You can be directly involved in the care of the patient with headaches and a blown nerve rather than just sending him to the ER. You can schedule an MRI prior to the neurologist appointment knowing if radiology finds an abnormality, staffers there will move the appointment to accommodate the newfound urgency. 

You can direct a patient to avoid RK and pursue excimer treatment because you understand benefits and risks of surgery. You can discuss crosslinking for keratoconus or scleral lenses for irregular astigmatism because that is your area, and you have attended more CE on that topic than you care to recount. 

The challenge is to communicate with the medical specialists while addressing the patient’s needs. If you listen, the patient’s needs may not be what you or the medical team want to address. This is the challenge I often encounter. The rheumatologist rules out arthritis, the cardiologist rules out heart problems, and the internist says the specialists cannot explain the lab results. The patient returns to you reporting no answers from them, and you are left to push them aside or figure it out. Because I love the challenge, I enjoy this development. 

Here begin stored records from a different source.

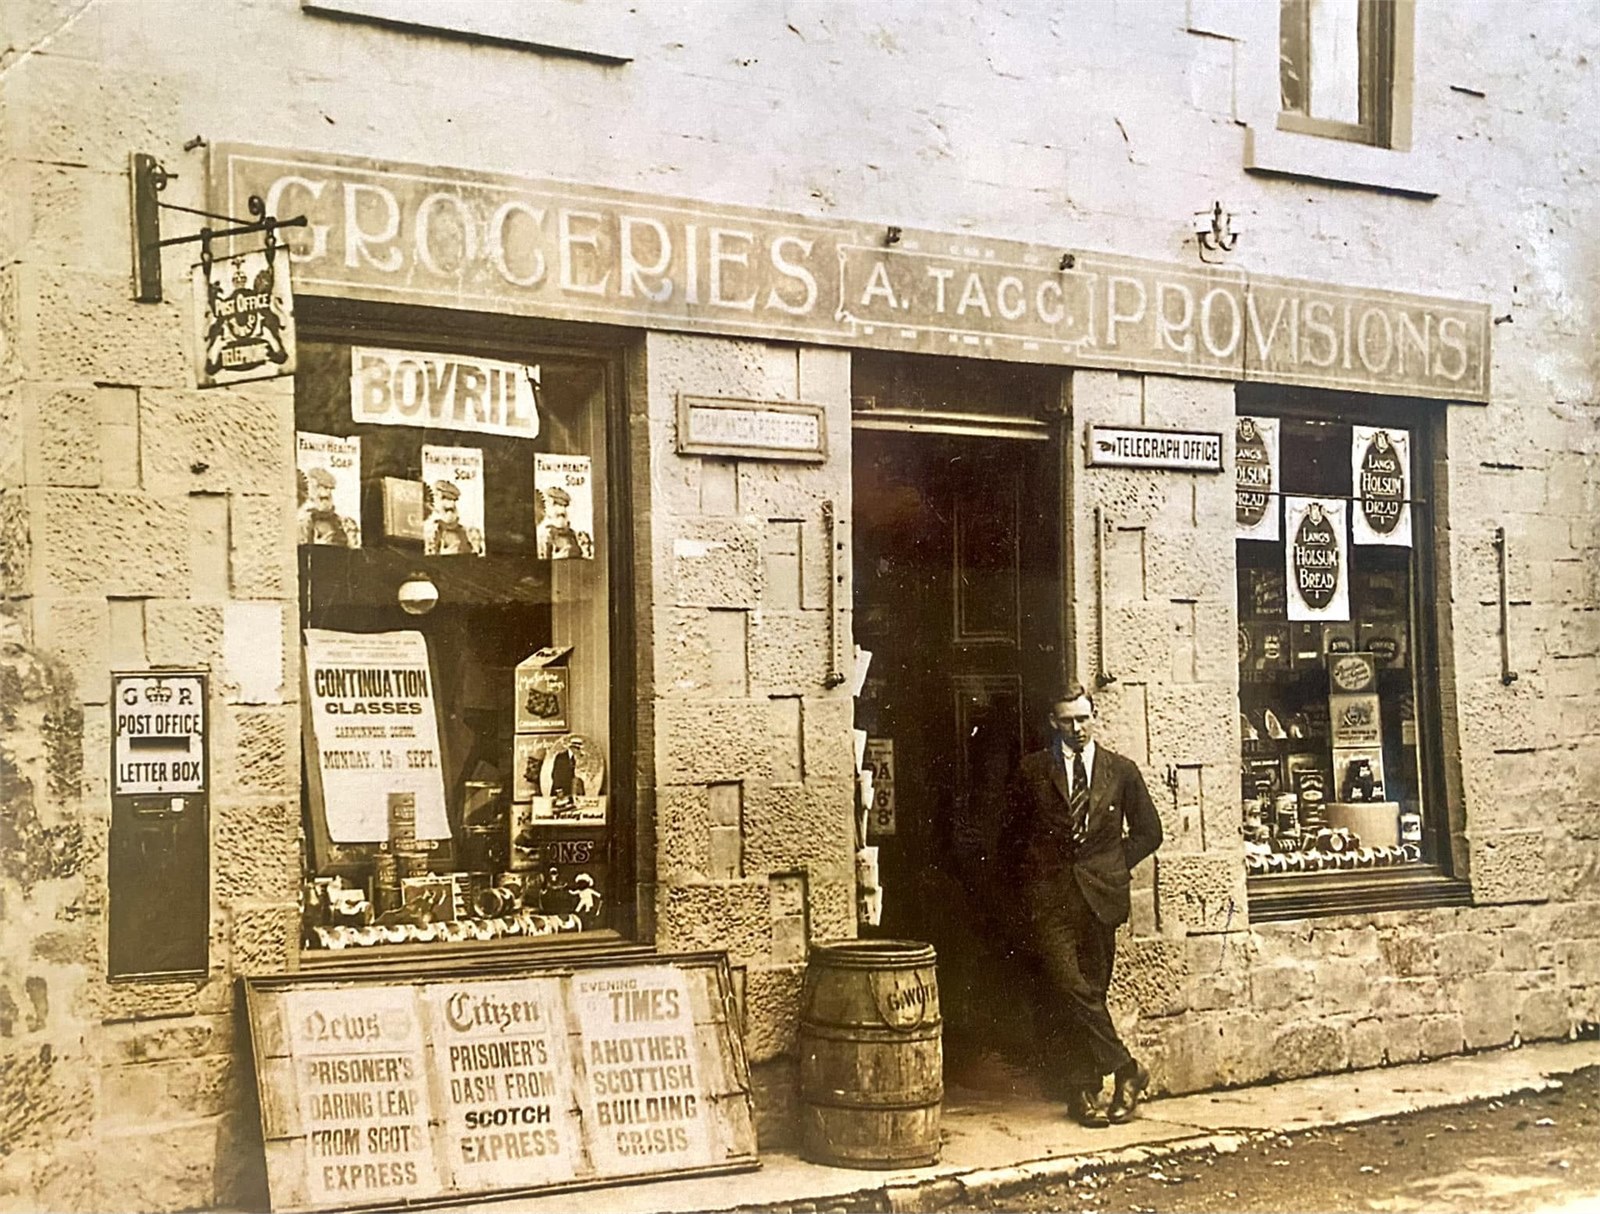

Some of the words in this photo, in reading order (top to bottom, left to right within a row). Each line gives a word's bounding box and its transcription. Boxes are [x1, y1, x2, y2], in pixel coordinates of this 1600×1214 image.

[267, 176, 819, 315] GROCERIES
[861, 262, 909, 309] A.
[236, 293, 271, 313] OFFICE
[1105, 276, 1471, 381] PROVISIONS
[360, 354, 531, 428] BOVRIL
[1116, 436, 1180, 459] TELEGRAPH
[1183, 439, 1218, 462] OFFICE
[1366, 494, 1398, 515] BREAD
[1300, 568, 1334, 589] BREAD
[178, 687, 193, 706] R
[314, 668, 429, 699] CONTINUATION
[325, 702, 422, 715] CLASSES
[118, 714, 152, 736] POST
[155, 713, 200, 735] OFFICE
[120, 762, 168, 784] LETTER
[172, 761, 200, 783] BOX
[580, 979, 637, 993] EVENING
[446, 991, 540, 1033] Citizen
[609, 988, 680, 1023] TIMES
[300, 1010, 382, 1043] News
[449, 1039, 548, 1072] PRISONER'S
[590, 1035, 688, 1066] ANOTHER
[309, 1056, 415, 1085] PRISONER'S
[593, 1064, 695, 1095] SCOTTISH
[451, 1075, 498, 1104] DASH
[505, 1071, 556, 1100] FROM
[309, 1091, 374, 1121] DARING
[378, 1088, 419, 1117] LEAP
[464, 1105, 551, 1130] SCOTCH
[596, 1094, 697, 1128] BUILDING
[312, 1127, 360, 1157] FROM
[367, 1124, 426, 1155] SCOTS
[460, 1129, 560, 1165] EXPRESS
[616, 1127, 689, 1157] CRISIS
[323, 1161, 418, 1191] EXPRESS
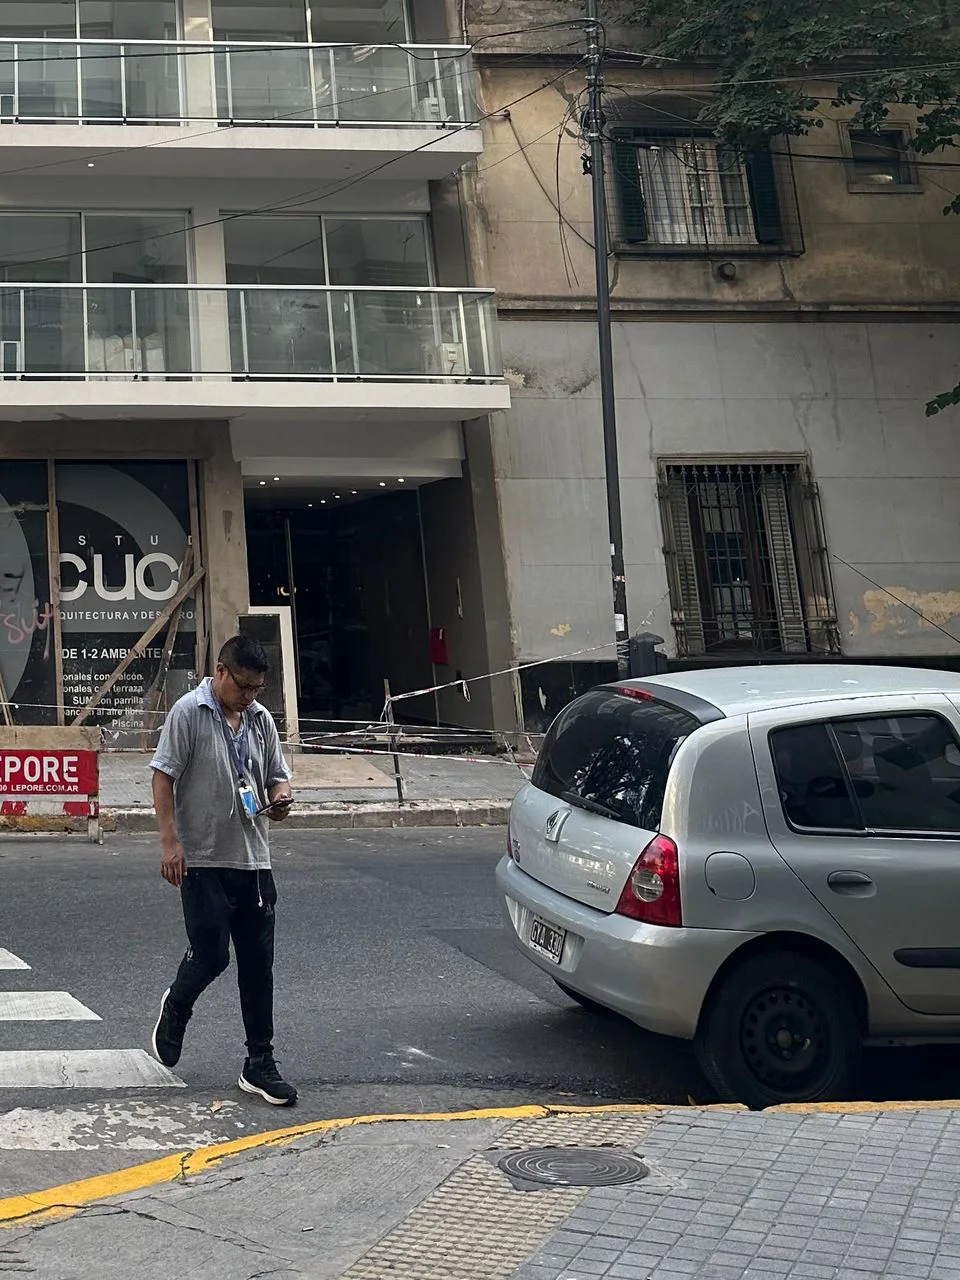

I challenge you to figure it out. Follow your gut when it tells you something is being missed. Look at the whole picture, and begin a dialog with the patient’s doctors. Find the etiology of lab irregularities or the source of the pain. You won’t hit the ball out of the park often-but you eventually will, and you will celebrate long afterward. The patient will celebrate with you when you were the only doctor who listened to his concerns.